La FIFA cumplía 50 años y, como su sede principal se asienta en Zurich, las máximas autoridades del fútbol decidieron hacerse un modesto homenaje y montaron el Mundial de 1954 en Suiza. La siempre impoluta Suiza, que había salido indemne de la guerra, ya se barajaba como sede en 1950, pero finalmente se optó por Brasil.
Los uruguayos llegaban a la nueva cita a defender el título, pero en el camino se cruzaron con uno de los equipos más poderosos y exquisitos de la historia, la Hungría que comandaba Ferenc Puskas, quien años después deslumbraría al público del Real Madrid.
Hungría, medalla dorada en los Juegos Olímpicos de 1952, fue la sensación del torneo de Suiza, pero, como sucedería con Holanda en 1974, el mejor no fue el campeón. En la final, el sólido equipo alemán, con un plus atlético que despertó algunas sospechas, dio vuelta el 0-2 que le infligían Puskas y sus talentosos acompañantes y se quedó con la copa.
Del otro lado del océano, ese mismo año, un par de explosivos sucesos terminaban de darle forma a un género musical que marcaría el resto del siglo y que tendría tanta o más difusión y desarrollo comercial que el fútbol: el rock and roll.
Bill Haley & His Comets, una banda de riguroso traje y jopo que supo interpretar las señales de la época, logró que su registro de Rock Around The Clock, clásico inoxidable que siguió sonando hasta nuestros días, llegara al número 1.
También en 1954, en el Sun Studio de Memphis, un camionero de 19 años que vivía al límite de la pobreza grabó su primera canción, That’s All Right, compuesta por Arthur Crudup, cantante y guitarrista de blues. El joven, llamado Elvis Aron Presley, que se animó a improvisar durante la sesión, impresionó de inmediato al dueño del estudio, quien pudo distinguir en la voz del novato “una combustión intuitiva de campo, iglesia y bar de pueblo”.
Ambos hechos son señalados como determinantes en la fundación del rock, cuya historia, desde luego, incluye una infinidad de nombres: Jerry Lee Lewis, Little Richard y Chuck Berry, entre muchos otros contemporáneos de Elvis y Bill Haley.
Por otra parte, remontarnos a los orígenes obliga a reflejar un proceso que comienza en los algodonales del sur de los Estados Unidos, donde los negros le pusieron una música honda a su tristeza.
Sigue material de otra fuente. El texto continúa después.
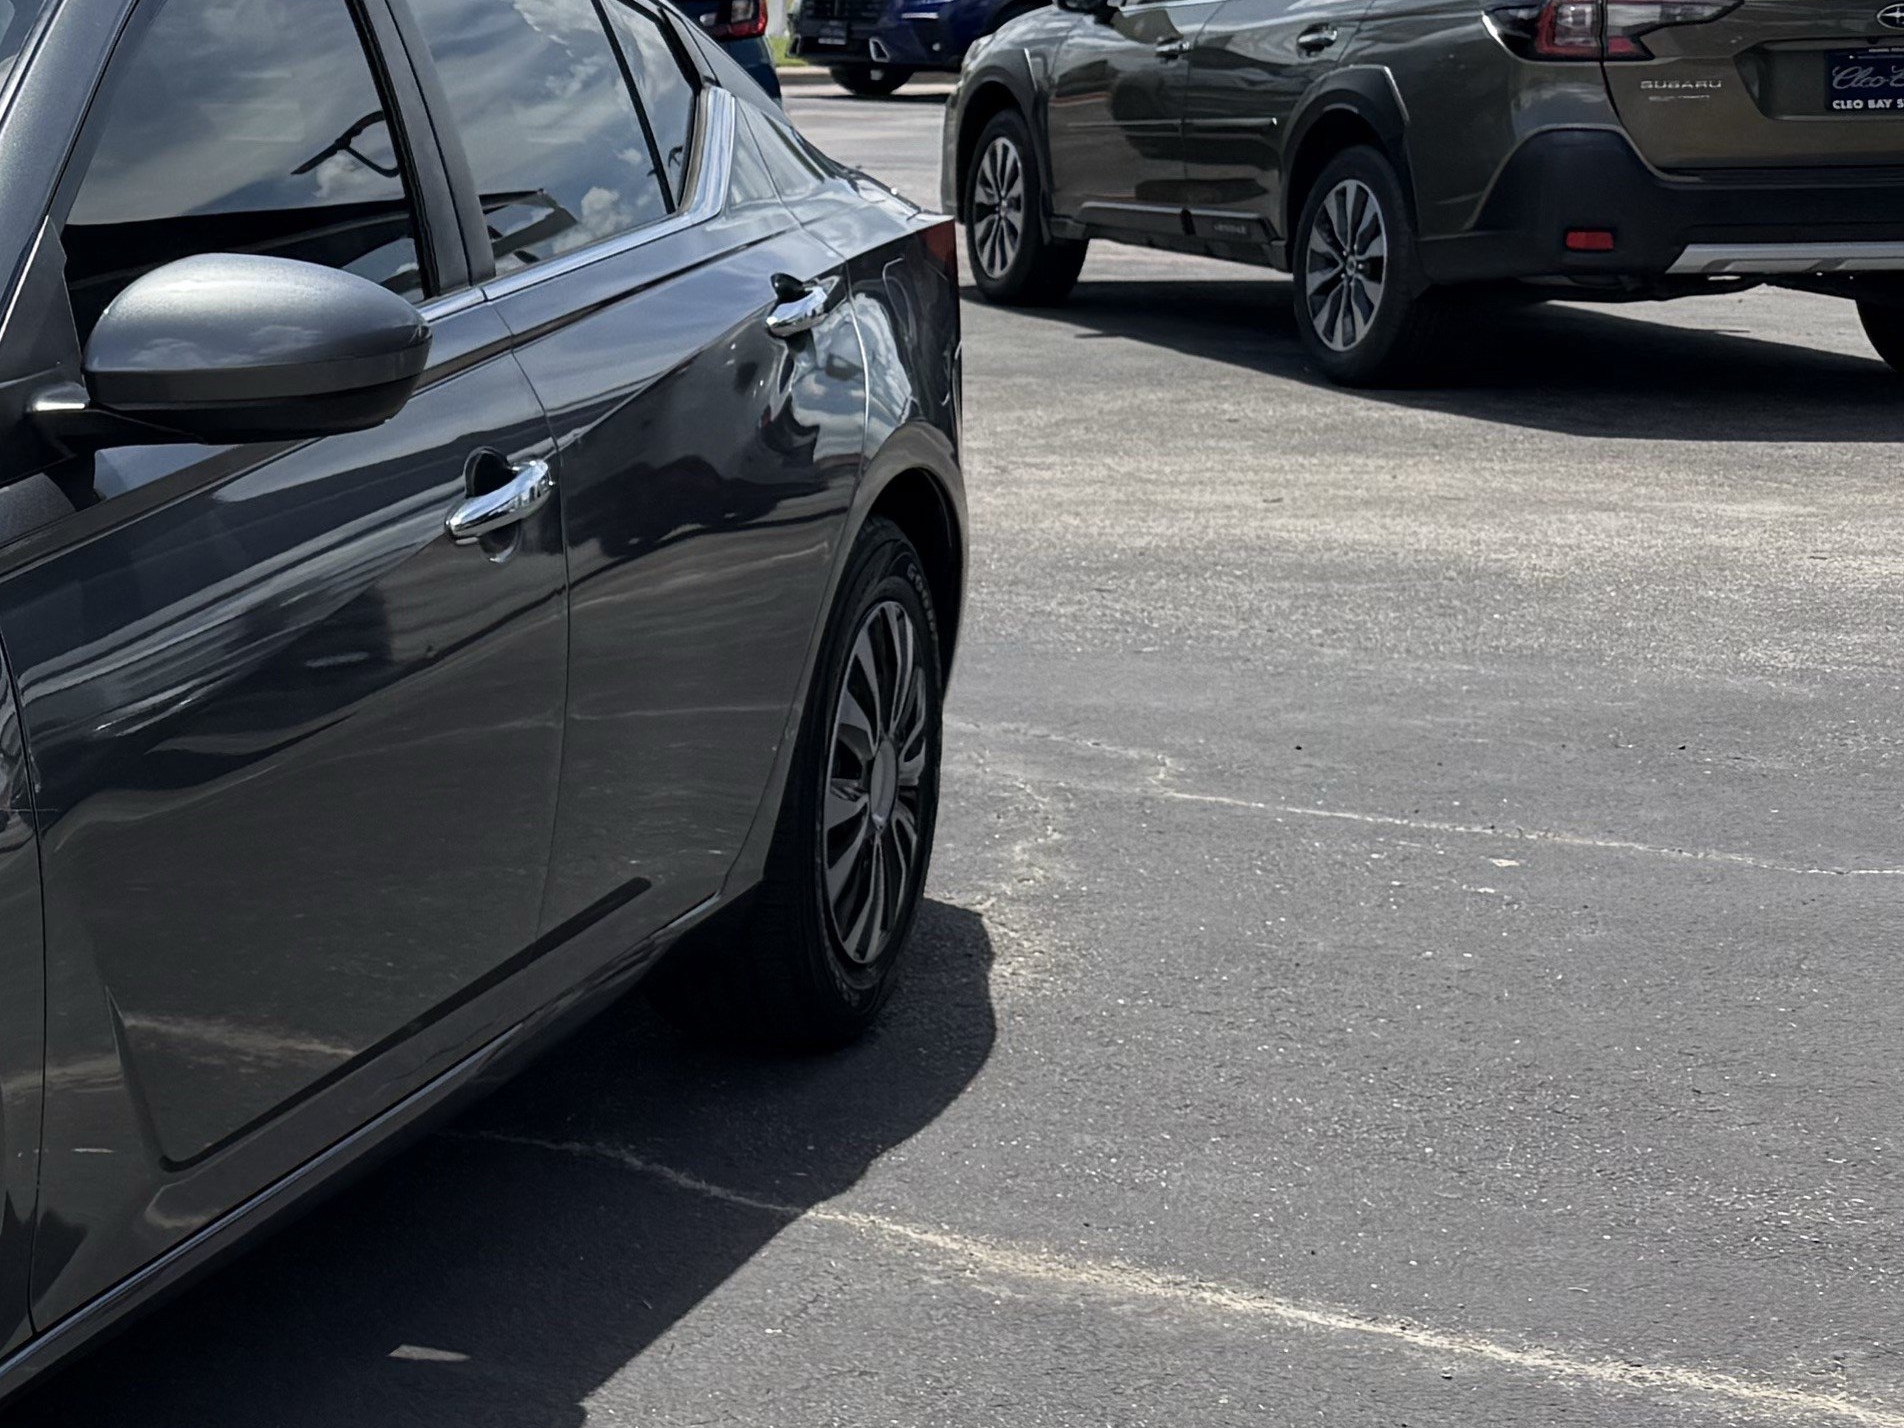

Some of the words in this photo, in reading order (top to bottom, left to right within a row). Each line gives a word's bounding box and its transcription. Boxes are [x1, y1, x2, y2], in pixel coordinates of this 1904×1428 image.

[1640, 80, 1722, 89] SUBARU
[1832, 99, 1864, 110] CLEO
[1868, 99, 1892, 109] BAY
Porque antes del rock fue el blues, melodías rurales que irían evolucionando hacia otras formas, que incorporarían nuevos instrumentos y la chispa del jazz hasta convertirse en el rhythm & blues.
Esta somera genealogía tiene sangre negra. El aporte blanco es la música country, el otro componente en la pócima mágica del rock, término acuñado por un DJ de la radio, Alan Freed, que seguramente no imaginó nunca la dimensión que alcanzaría tal bautismo.
Desde entonces, al rock se lo ha asociado a categorías tan diversas como la contracultura, la moda y los negocios globales. En todo caso, siempre ha sido una bandera juvenil, que esporádicamente recicla su potencia y se ramifica en subgéneros. Cabe preguntarse cuál habría sido la suerte de aquella tradición musical negra sin la intervención de los blancos. Sin esa apropiación que los músicos, desde Elvis hasta Eric Clapton y los Stones, reconocen con gratitud.
En un país en que la segregación étnica todavía es un problema, no cuesta mucho suponer que sin la aparición de las estrellas blancas, otra habría sido la historia. Por lo pronto, más discreta. Pero eso es un mero ejercicio de la imaginación.